# Exercise instructions
Images excluded, return every record exactly as it reads.

--- Given entries ---

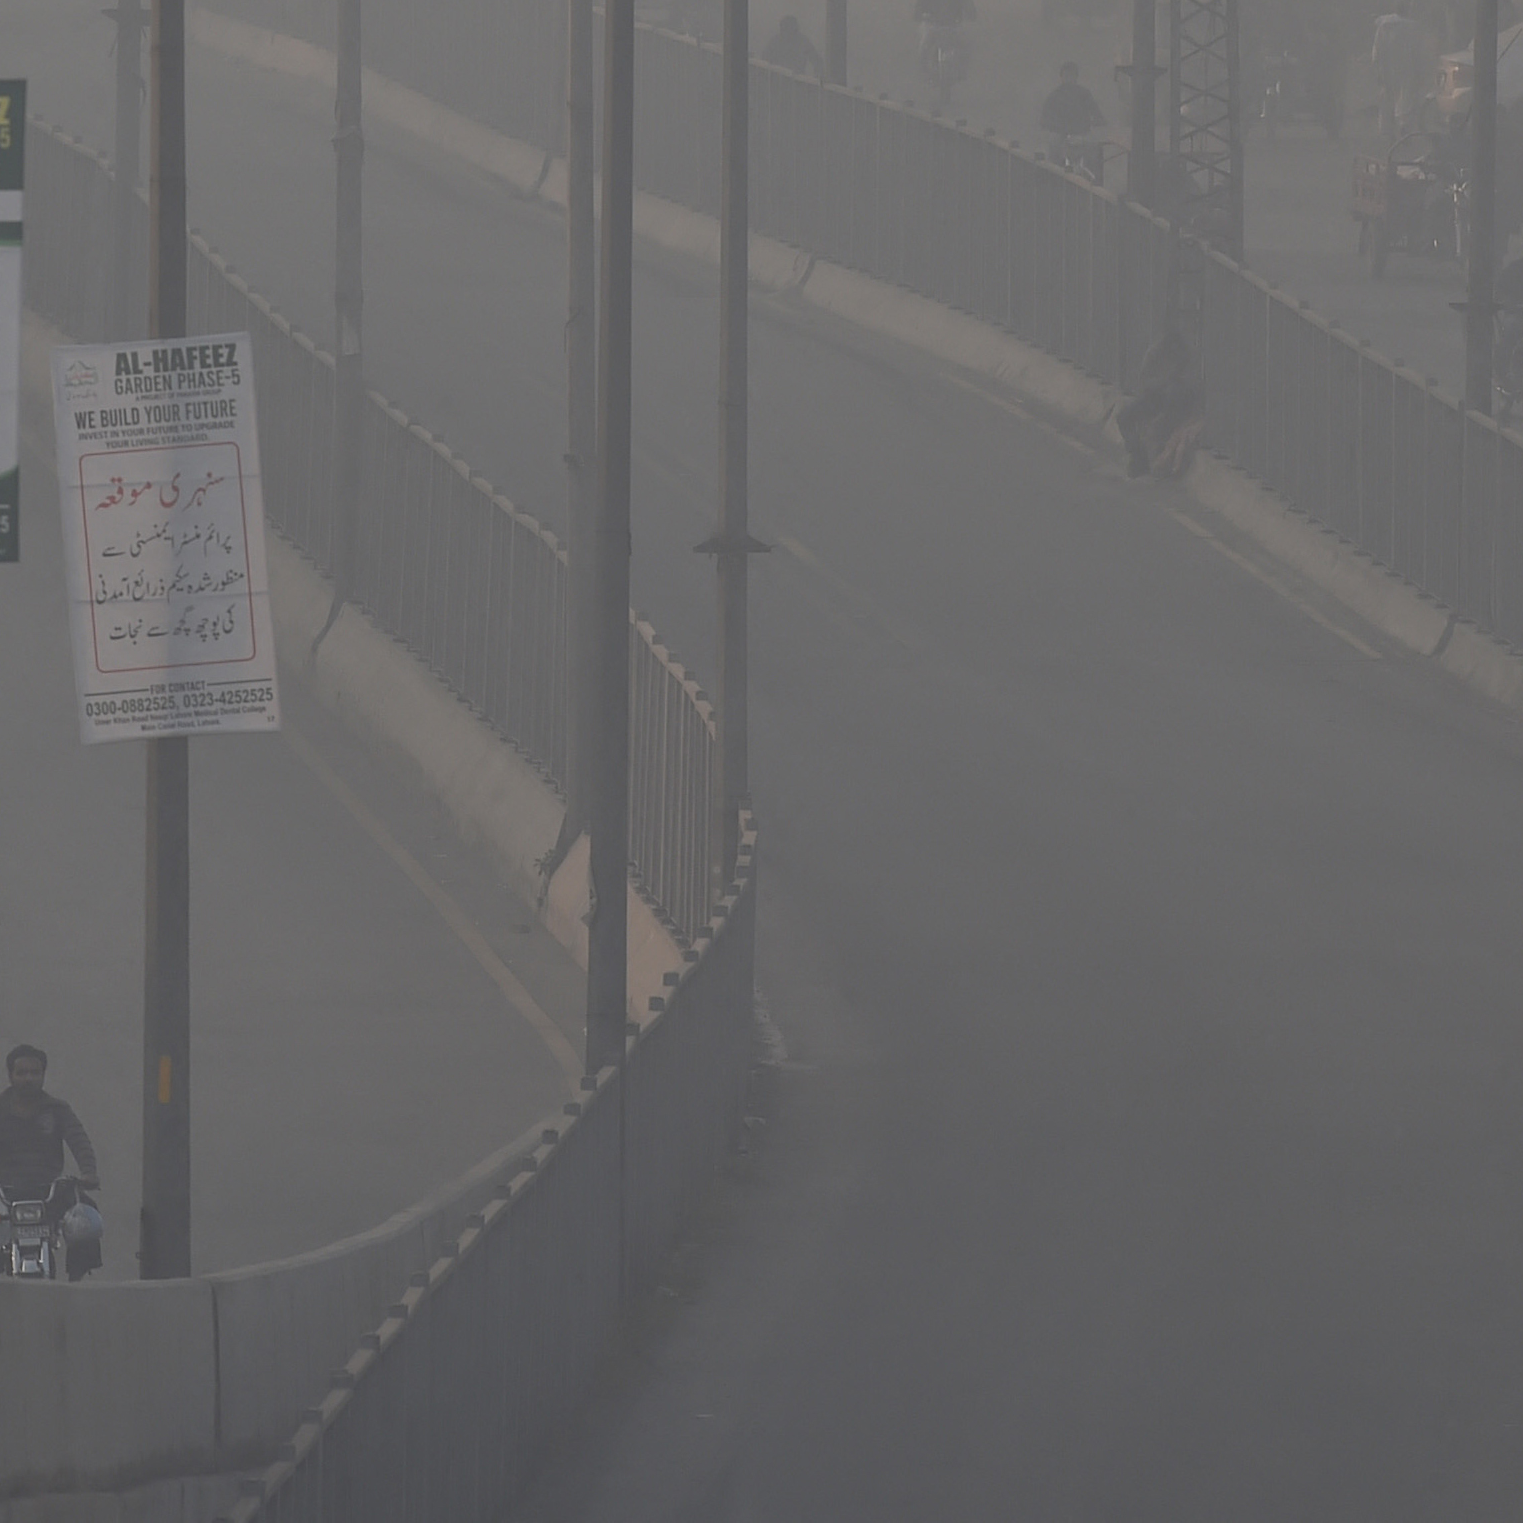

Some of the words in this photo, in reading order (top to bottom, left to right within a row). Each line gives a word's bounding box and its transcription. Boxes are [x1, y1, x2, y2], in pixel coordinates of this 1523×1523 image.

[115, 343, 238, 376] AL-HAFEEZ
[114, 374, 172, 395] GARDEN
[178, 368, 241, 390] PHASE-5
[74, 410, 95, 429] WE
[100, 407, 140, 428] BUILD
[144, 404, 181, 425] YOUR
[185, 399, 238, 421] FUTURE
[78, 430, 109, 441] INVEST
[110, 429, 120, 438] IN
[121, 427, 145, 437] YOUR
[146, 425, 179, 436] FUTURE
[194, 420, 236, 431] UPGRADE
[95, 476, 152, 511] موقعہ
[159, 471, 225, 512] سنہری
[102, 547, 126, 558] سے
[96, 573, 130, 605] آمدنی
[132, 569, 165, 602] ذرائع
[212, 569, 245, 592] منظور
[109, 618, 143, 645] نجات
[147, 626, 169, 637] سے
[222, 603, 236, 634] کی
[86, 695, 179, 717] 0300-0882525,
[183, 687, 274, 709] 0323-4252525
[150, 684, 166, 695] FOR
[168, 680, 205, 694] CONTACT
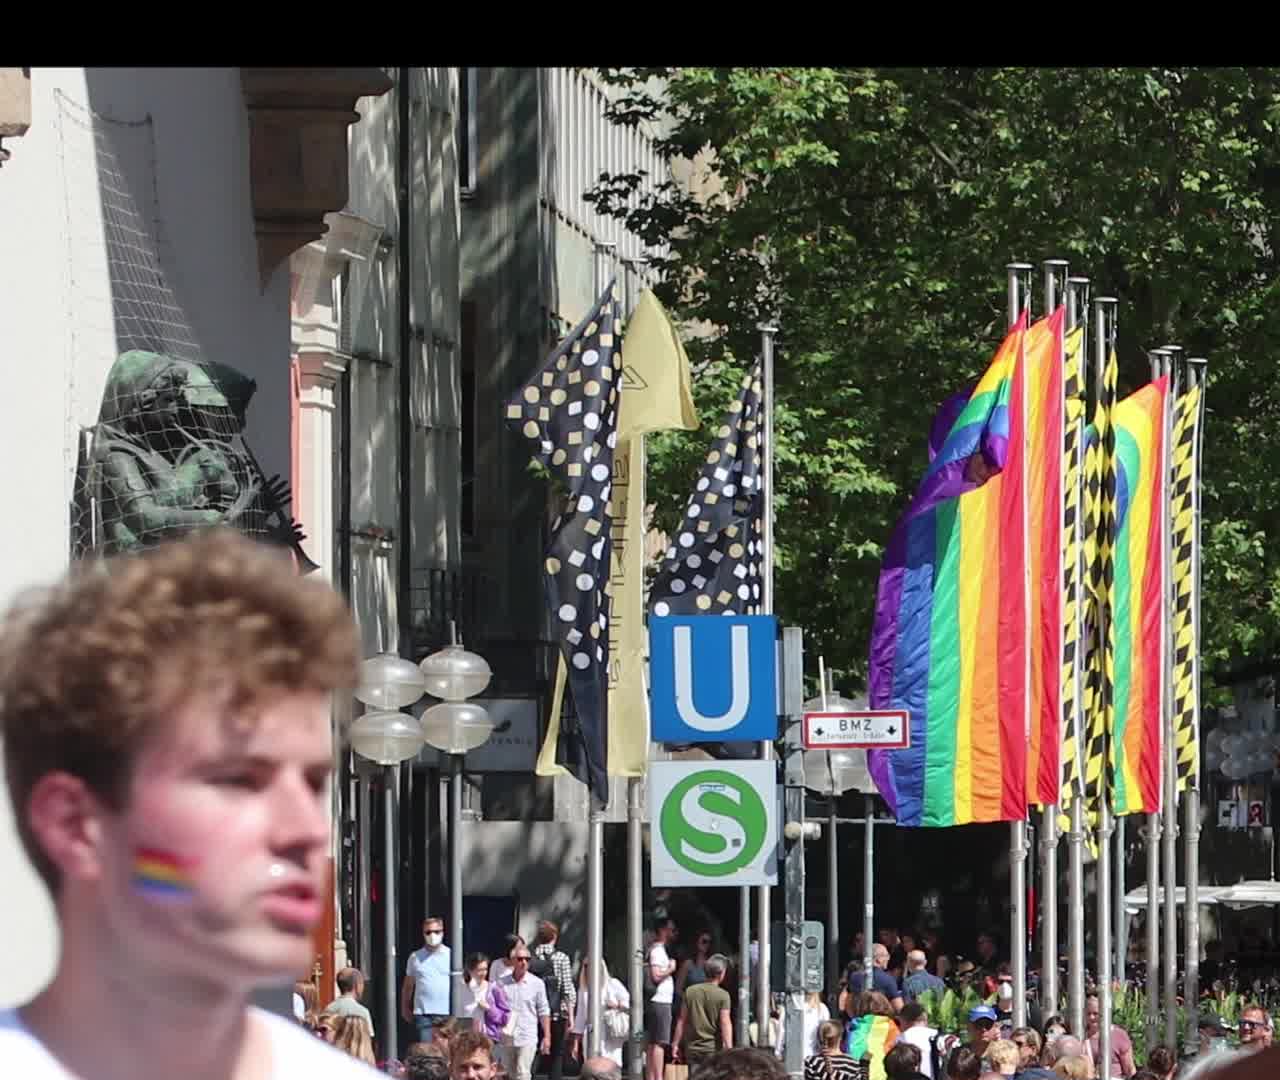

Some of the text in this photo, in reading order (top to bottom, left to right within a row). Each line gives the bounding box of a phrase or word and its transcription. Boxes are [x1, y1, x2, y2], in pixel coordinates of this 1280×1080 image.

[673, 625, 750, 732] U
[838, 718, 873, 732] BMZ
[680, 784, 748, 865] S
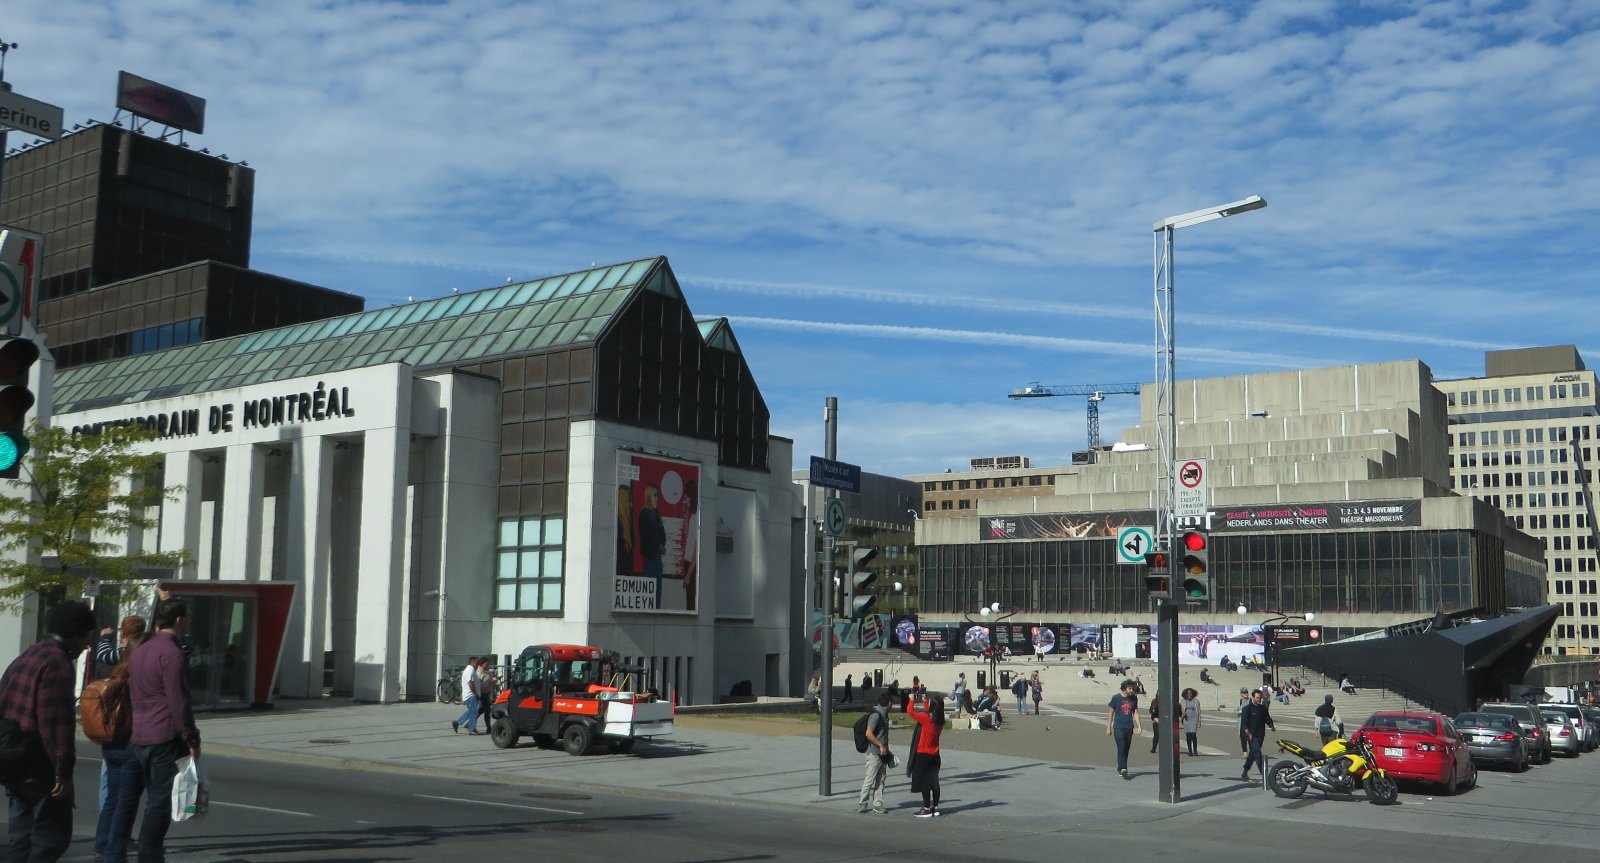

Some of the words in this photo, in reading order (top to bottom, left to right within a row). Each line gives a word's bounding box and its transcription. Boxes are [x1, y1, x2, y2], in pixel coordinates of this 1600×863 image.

---

# Task output
Some of the words in this photo, in reading order (top to bottom, left to right within a row). Each line gives a word's bounding box and its transcription. Boxes are [x1, y1, x2, y2], in pixel coordinates of this 1523×1523 image.

[115, 343, 238, 376] AL-HAFEEZ
[114, 374, 172, 395] GARDEN
[178, 368, 241, 390] PHASE-5
[74, 410, 95, 429] WE
[100, 407, 140, 428] BUILD
[144, 404, 181, 425] YOUR
[185, 399, 238, 421] FUTURE
[78, 430, 109, 441] INVEST
[110, 429, 120, 438] IN
[121, 427, 145, 437] YOUR
[146, 425, 179, 436] FUTURE
[194, 420, 236, 431] UPGRADE
[95, 476, 152, 511] موقعہ
[159, 471, 225, 512] سنہری
[102, 547, 126, 558] سے
[96, 573, 130, 605] آمدنی
[132, 569, 165, 602] ذرائع
[212, 569, 245, 592] منظور
[109, 618, 143, 645] نجات
[147, 626, 169, 637] سے
[222, 603, 236, 634] کی
[86, 695, 179, 717] 0300-0882525,
[183, 687, 274, 709] 0323-4252525
[150, 684, 166, 695] FOR
[168, 680, 205, 694] CONTACT

Some of the text in this photo, in reading order (top to bottom, left to right within a row). Each line gives the bounding box of a phrase or word and its transcription. Boxes are [x1, y1, x2, y2], in pixel coordinates of this 1280×1080 image.

[673, 625, 750, 732] U
[838, 718, 873, 732] BMZ
[680, 784, 748, 865] S

Some of the words in this photo, in reading order (top to bottom, left to right within a row). Each line gives a word's bounding box and its transcription. Boxes are [x1, y1, x2, y2], in pixel coordinates of this 1600×863 image.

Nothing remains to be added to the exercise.